Cuando Einstein imaginaba, el mundo se podía a temblar, y a imaginación no le ganaba ni Verne ni el dios de los cristianos. Se le ponían de punta sus pelos locos cuando oía a alguien decir “como todo el mundo sabe”, y vivía poniendo en duda cualquier cosa, haciendo que el universo se pusiera patas arriba. Negándose a estudiar repitiendo fórmulas como un papagayo, se ganó a pulso unas notas mediocres en la Escuela Politécnica de Zurich y el odio de todos sus profesores. Einstein imaginaba e imaginaba, y en una de sus ensoñaciones, con los ojos llenos de cosmos, se preguntó cómo vería un rayo una persona sentada en el andén de una estación y otra que viajaba en el interior del tren.

Renunció a su país porque estaba lleno de balas y uniformes, renunció a la religión porque mandaba y exigía: renunció a todas las autoridades que podían existir. Se consideraba judío porque decía que era como pertenecer a una tribu, aunque nunca compartió ninguna de las creencias de su pueblo, sólo el sentimiento de pertenencia que te une a la lumbre de tu cocina cuando eras niño.

En Suiza pasaba las tardes fumando con sus amigos en los cafés, debatiendo hasta la madrugada, acompañado de su cerebro, la pipa, y el violín, que solía sacar ya avanzada la noche. En verano iban en ocasiones a ver el amanecer desde lo alto de una montaña a las afueras de Berna. Leía a Sófocles y ‘El Quijote’, cabalgando así con sus hermanos perseguidores de imposibles.

Sus familiares y amigos no entendían por qué el atractivo Albert Einstein había elegido amar a Mileva Maric, una desagradable serbia coja de carácter melancólico. Mileva era la única mujer del Departamento de Física y Matemáticas de la Escuela de Zurich.

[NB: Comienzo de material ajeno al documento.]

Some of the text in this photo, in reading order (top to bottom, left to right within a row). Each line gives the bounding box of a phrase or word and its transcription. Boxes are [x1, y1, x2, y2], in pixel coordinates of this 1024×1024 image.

A ambos les unían pasión y pasiones. En un poema que Einstein le dedicó, éste imaginaba que la llama de su pasión mutua hacía arder la almohada de la cama que compartían.

Mileva fue su primera mujer. Con ella tuvo dos hijos a los que les construía juguetes con cuerdas y cajas de cerillas, porque con los objetos más simples podía hacer cosas maravillosas. Su segunda esposa fue Elsa Einstein, su prima, vieja, oronda y viuda, con quien compartía el sentido del humor y los pelos grises y disparatados.

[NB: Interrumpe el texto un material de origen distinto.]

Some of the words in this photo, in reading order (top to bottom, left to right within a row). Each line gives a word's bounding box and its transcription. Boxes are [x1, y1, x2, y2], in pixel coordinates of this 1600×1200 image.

El repudiado Einstein sólo logró encontrar trabajo en la Oficina de Patentes de Zurich, y además fue por enchufe. Desde la ventana de su despacho veía la torre de un reloj que le hacía pensar constantemente en el tiempo. El tiempo, la luz, cabalgar sobre un rayo, el andén y los trenes, el teorema de Pitágoras, la música de Mozart. En aquella pequeña oficina el universo entero con todos sus misterios giraba alrededor de la cabeza de Einstein como lo hacen los electrones alrededor del núcleo de un átomo.

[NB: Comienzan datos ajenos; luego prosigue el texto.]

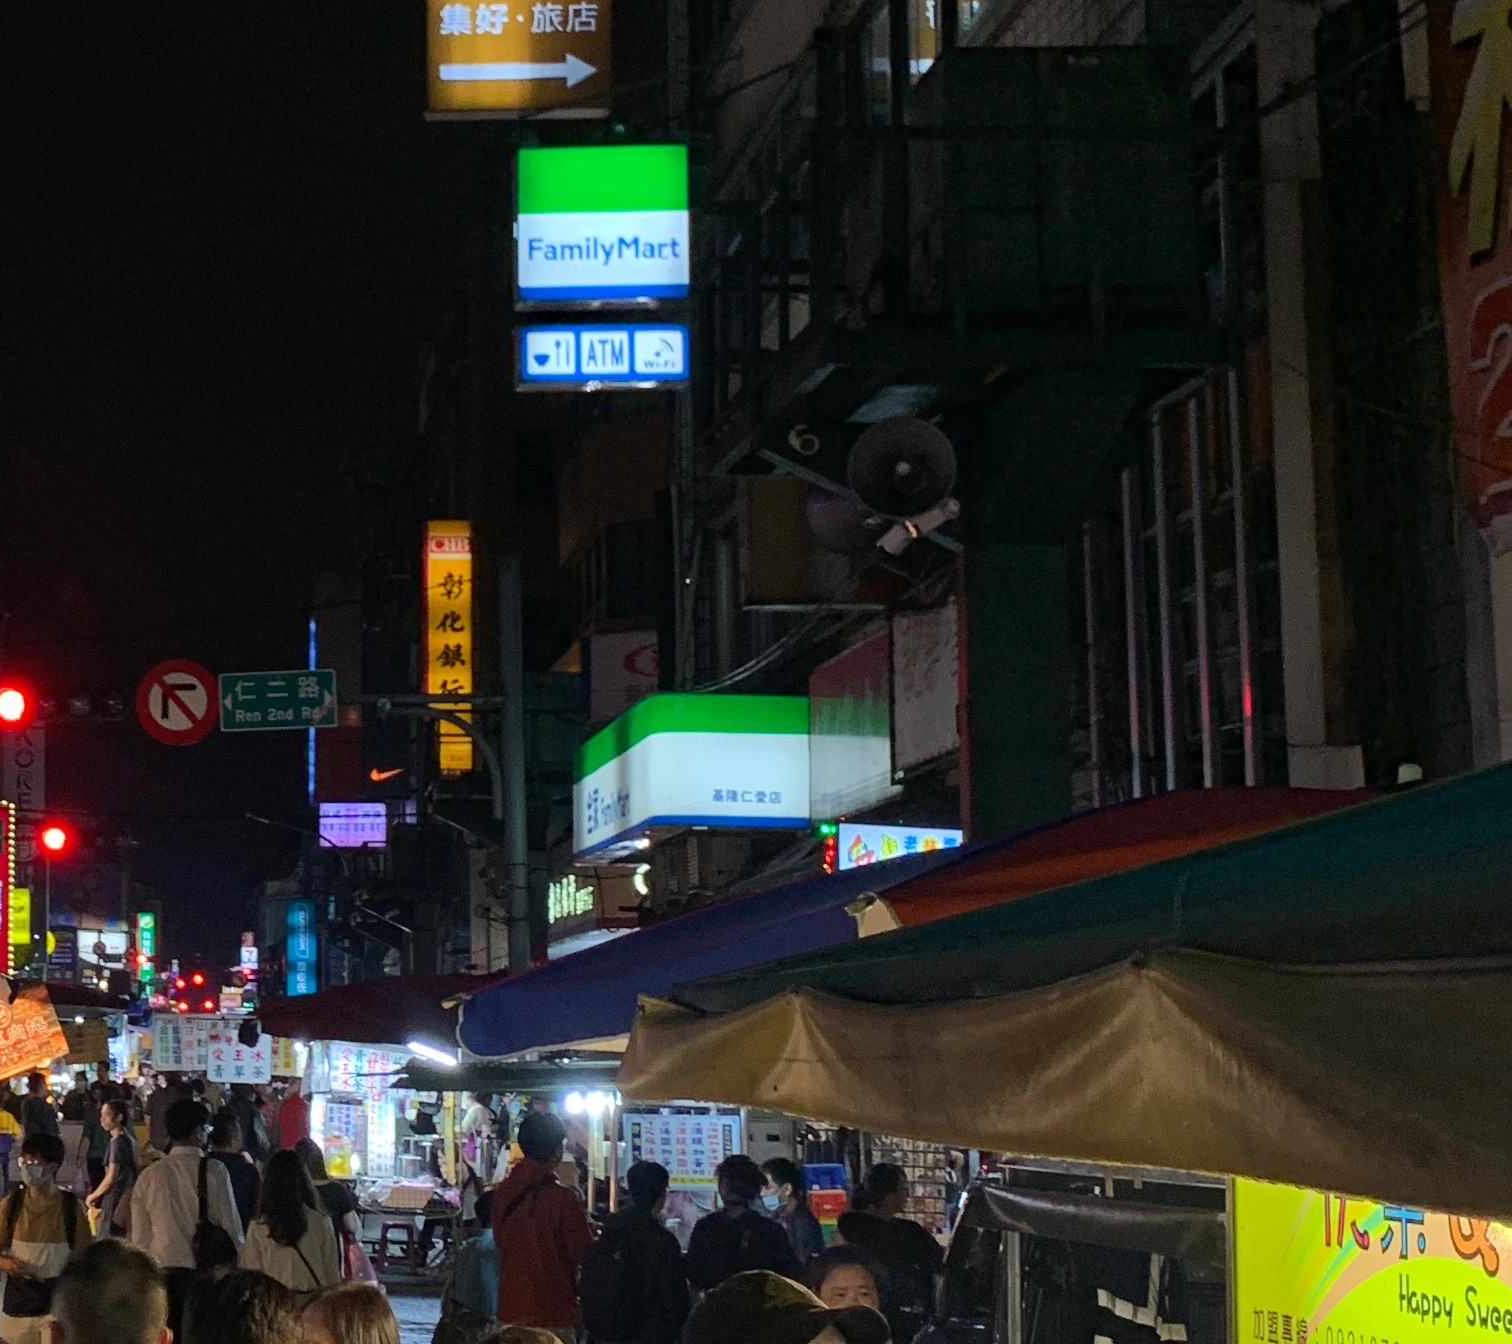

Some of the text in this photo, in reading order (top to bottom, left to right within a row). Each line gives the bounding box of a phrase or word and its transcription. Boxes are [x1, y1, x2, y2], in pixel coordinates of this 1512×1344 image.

[527, 237, 680, 266] FamilyMart
[586, 338, 625, 368] ATM
[643, 359, 676, 370] Wi-Fi
[235, 675, 321, 703] 仁二路
[235, 708, 262, 723] Ren
[267, 707, 294, 722] 2nd
[712, 788, 782, 805] 基隆仁愛店
[1398, 1272, 1455, 1330] Happy

Y mientras Albert el bobo deshacía todo lo que existía sobre física, Freud desarmaba la mente humana, y Picasso descomponía la realidad en cubos. El mundo, y la forma de verlo, estaba cambiando.

Tras la teoría de la relatividad, llegó a Estados Unidos y se encontró con una banda de flautines y tambores y una muchedumbre con pancartas que le aclamaba. Adoraba aquel país libre y alejado de una Europa encadenada. Allí vivió hasta su muerte, en un despacho de Princeton, sacando tiempo para cualquier alumno que le preguntase, olvidándose las llaves, y amparando a los refugiados de cualquier guerra. Pacifista convencido, había luchado contra la Primera Guerra Mundial y tratado de convencer a los científicos de que la ciencia y la guerra eran rivales y contrarias. En la Segunda Guerra Mundial no le quedó otro remedio que asegurar que había que defenderse. Al sabio más sabio de los sabios se le quedaron los ojos más tristes del universo después de que tiraran la bomba atómica. Aunque él no lo había hecho, sintió como si fuera su propia mano la que activara el botón, porque sin sus descubrimientos nunca hubiera sido posible. En aquellos momentos deseó haber sido fontanero o flautista, porque de ese modo no sería el responsable de aquel fantasma rojo de la muerte.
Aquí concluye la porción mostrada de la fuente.